THUNDER BAY, ON – ECONOMY – Ontario’s location, at the heart of the North American continent on the Great Lakes/St. Lawrence waterway adjacent to the huge population of the U.S. northeast, is highly strategic.
It’s economy is critically dependent on this location because it affords access to the huge markets of the U.S. neighbours with whom it competes. How does Ontario stack up its American and Canadian neighbours – namely, Minnesota, Wisconsin, Michigan, Ohio, Pennsylvania and New York, and Manitoba and Quebec?
These provinces and states together account for 88 million people and produce approximately US$4.5 trillion annually in GDP. With 13.6 million people, Ontario is a major economic force. It has the second largest population after New York State, which has 19.7 million people.
Ontario has only the fourth largest economy, after New York, Pennsylvania and Ohio. As a result, Ontario’s per capita GDP is lower than one might expect, edging out Michigan, Manitoba and Quebec but behind New York, Minnesota, Pennsylvania, Wisconsin and Ohio.
When it comes to real per-capita GDP growth, Ontario and Michigan, not surprisingly, have been the worst performers. Both are highly dependent on automobile manufacturing and this sector was hit hard during the last decade.
Between 2000 and 2013, real per-capita GDP grew the most in Manitoba and New York State at 19 per cent each. Next came Pennsylvania, Minnesota and Quebec at 12, 11 and 10 per cent respectively. At the bottom was Ohio, Ontario and Michigan at 7, 5 and -3.0 per cent respectively.
Ontario’s relatively poor performance on the per-capita income side is reflected in worker productivity. Output per employee on these nine jurisdictions was highest in New York, followed by Minnesota, Pennsylvania, Ohio and Wisconsin. Ontario came in sixth, ahead of Manitoba, Quebec and Michigan. When it comes to its adjacent U.S. neighbours, Ontario’s productivity performance is superior only to Michigan.
The paradox is that, despite poor per capita income and productivity growth relative to these adjacent jurisdictions, Ontario does relatively well when it comes to job creation. Indeed, Ontario, Manitoba and Quebec all saw much greater employment growth than the U.S. states in this comparison group.
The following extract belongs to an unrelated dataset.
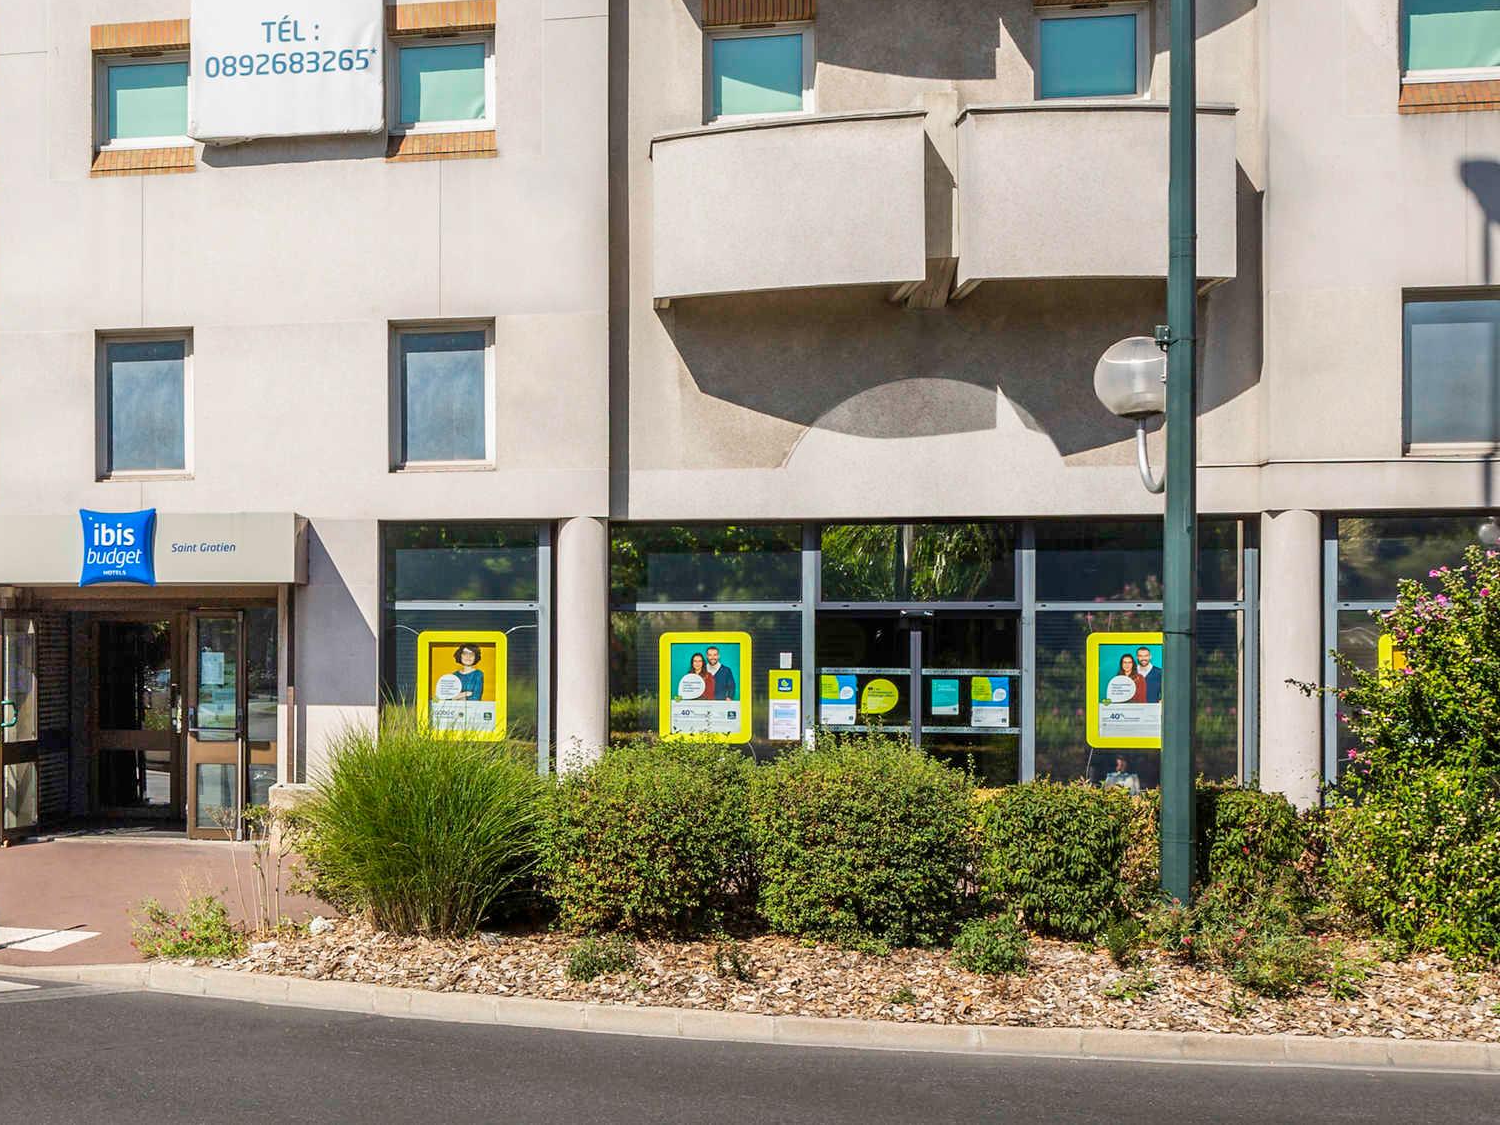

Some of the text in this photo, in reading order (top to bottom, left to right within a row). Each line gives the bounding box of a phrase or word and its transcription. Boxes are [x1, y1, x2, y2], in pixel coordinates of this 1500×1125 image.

[93, 523, 135, 546] ibis
[171, 542, 236, 553] Saint Gratien
[86, 548, 142, 568] budget
Between 2000 and 2013, Quebec saw the highest employment growth at 19 per cent, followed by Ontario at 17 per cent and then Manitoba at 13 per cent. Meanwhile, Minnesota was next at only 6 per cent followed by New York State at 5 per cent, Pennsylvania at 4 per cent and Wisconsin at 2 per cent. Ohio and Michigan actually saw their total employment shrink at rates of 5 and 14 per cent respectively over this period.
This paradox is largely the result of two key factors: the differential impact of the 2009 recession (the U.S. was hit harder), and the commodity and resource boom that affected the Canadian economy during this period. While Ontario manufacturing suffered from the decline in the U.S. market, it was somewhat insulated by opportunities in the booming western resource sector.
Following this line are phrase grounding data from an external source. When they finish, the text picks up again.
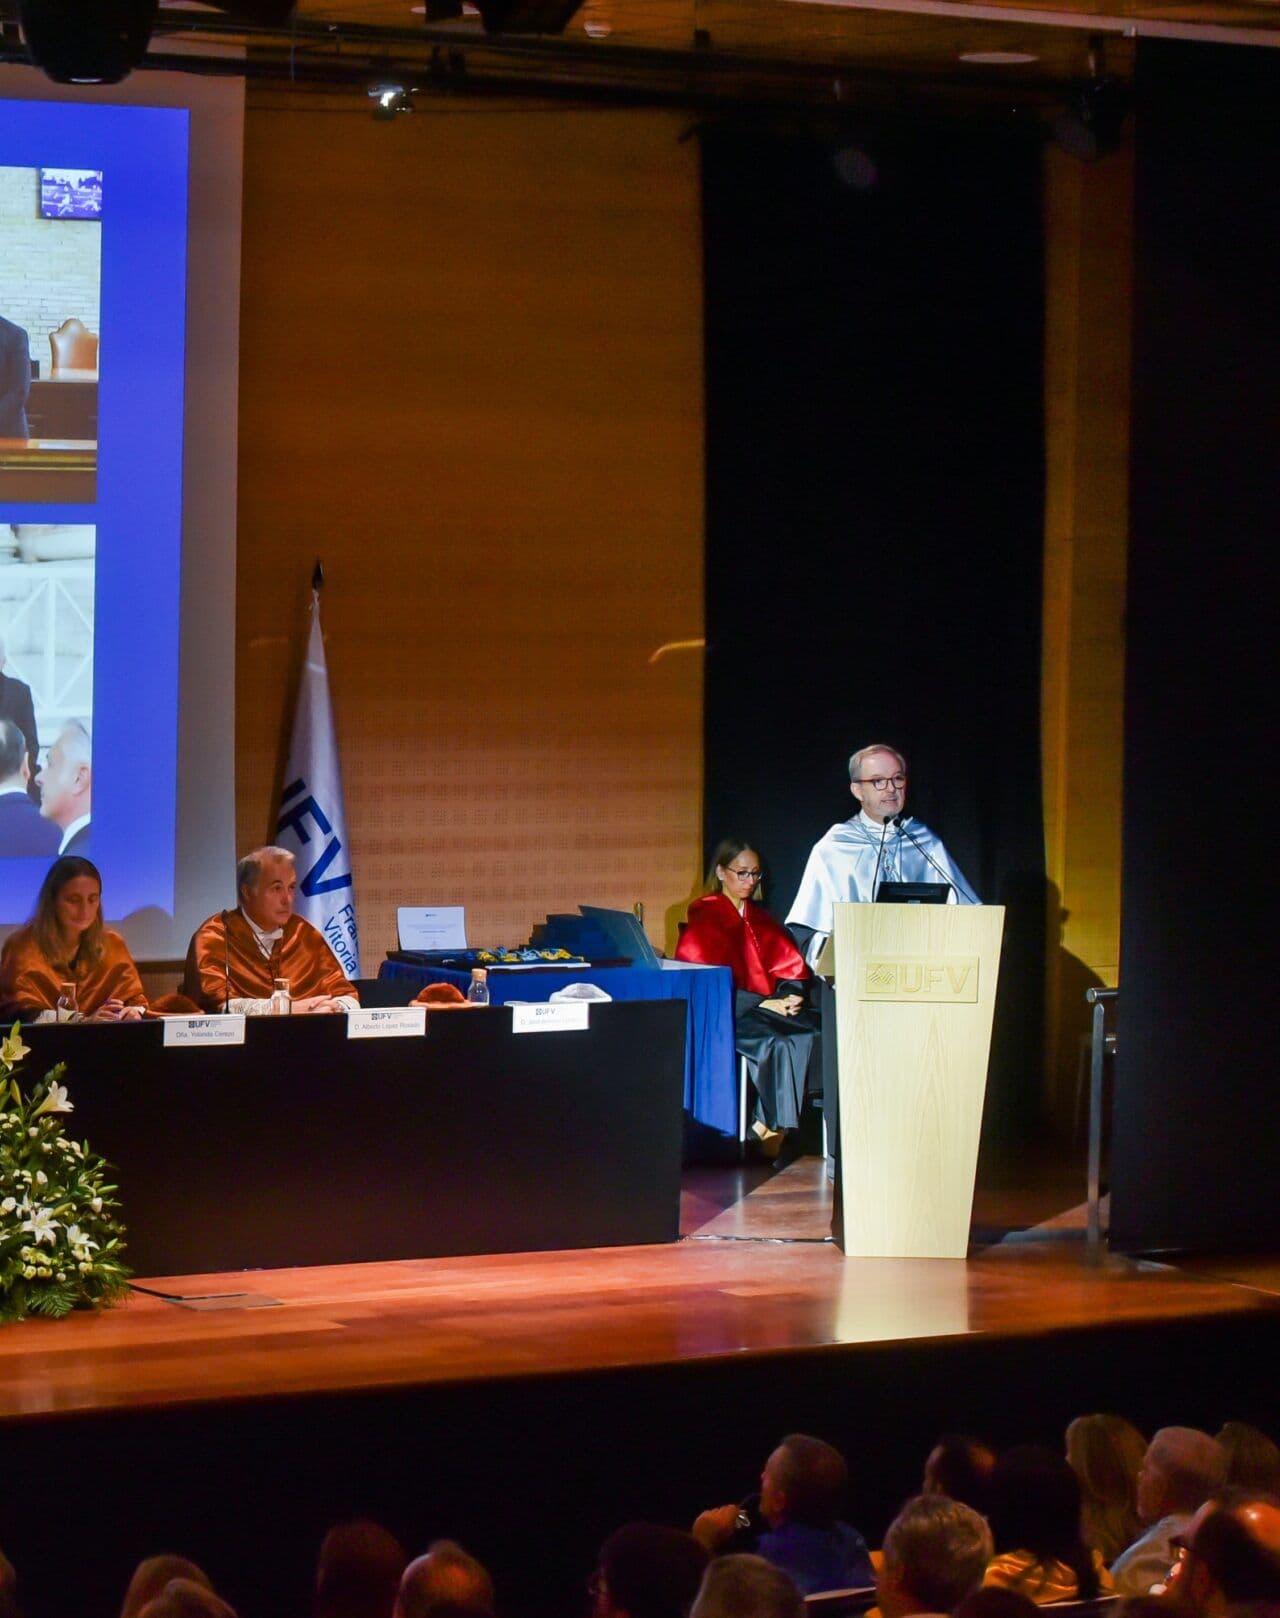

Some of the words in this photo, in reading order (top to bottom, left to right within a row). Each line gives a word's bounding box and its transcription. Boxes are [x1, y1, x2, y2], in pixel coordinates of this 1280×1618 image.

[324, 916, 357, 975] Vitoria
[900, 963, 972, 994] UFV
[194, 1020, 210, 1028] UFV
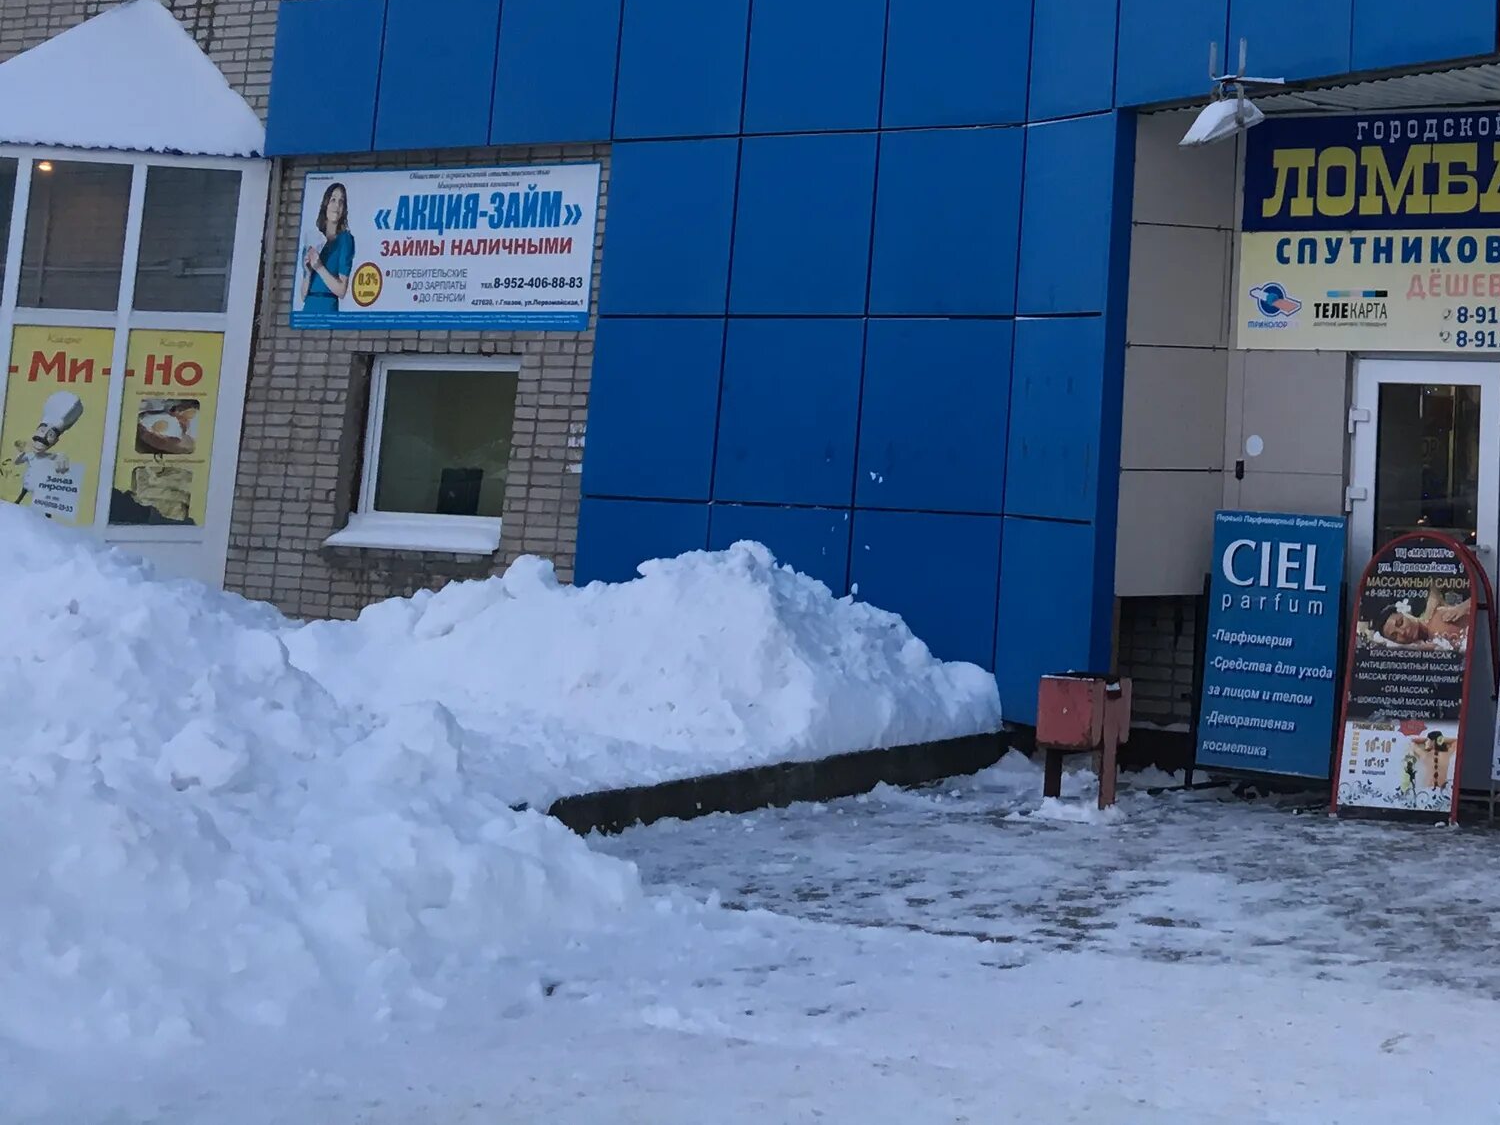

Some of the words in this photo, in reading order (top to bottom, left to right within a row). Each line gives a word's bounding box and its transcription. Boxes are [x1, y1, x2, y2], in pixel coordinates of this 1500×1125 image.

[380, 236, 445, 257] ЗАЙМЫ
[450, 237, 573, 256] НАЛИЧНЫМИ
[391, 269, 468, 279] ПОТРЕБИТЕЛЬСКИЕ
[411, 281, 423, 291] ДО
[425, 280, 467, 290] ЗАРПЛАТЫ
[494, 277, 583, 289] 8-952-406-88-83
[419, 293, 430, 303] ДО
[432, 293, 466, 302] ПЕНСИИ
[1313, 302, 1388, 319] ТЕЛЕКАРТА
[1222, 539, 1326, 592] CIEL
[1366, 576, 1433, 587] МАССАЖНЫЙ
[1435, 578, 1470, 588] САЛОН
[1221, 592, 1323, 615] parfum
[1275, 659, 1296, 676] для
[1299, 662, 1333, 679] ухода
[1208, 685, 1221, 696] за
[1223, 688, 1259, 703] лицом
[1262, 690, 1270, 699] и
[1272, 690, 1313, 705] телом
[1385, 685, 1399, 693] СПА
[1400, 686, 1429, 694] МАССАЖ
[1203, 739, 1267, 757] косметика
Despite the faster rates of employment growth in Canada, at 6.4 per cent Ontario still managed the third highest average unemployment rate of these nine jurisdictions over the period 2000 to 2013. Michigan came in the highest at 7.4 per cent and Manitoba the lowest at 4.2 per cent.
In the highly integrated and competitive North American economy, Ontario has delivered a mixed performance. Despite having the second largest population of its immediate neighbours, Ontario has only the fourth largest economy and sixth highest per-capita output. Moreover, its per capita output growth was the second lowest of this comparison, only ahead of Michigan.
Despite its strategic location and access to some key U.S. markets, Ontario has turned in a mediocre performance over the last decade. Even where it has performed well – in the case of job creation – it has come at the cost of lower productivity, putting it at a disadvantage in the longer term.
Ontario needs to up its game if it wants to remain a key player in the North American economy.
Troy Media columnist Livio Di Matteo is Professor of Economics at Lakehead University.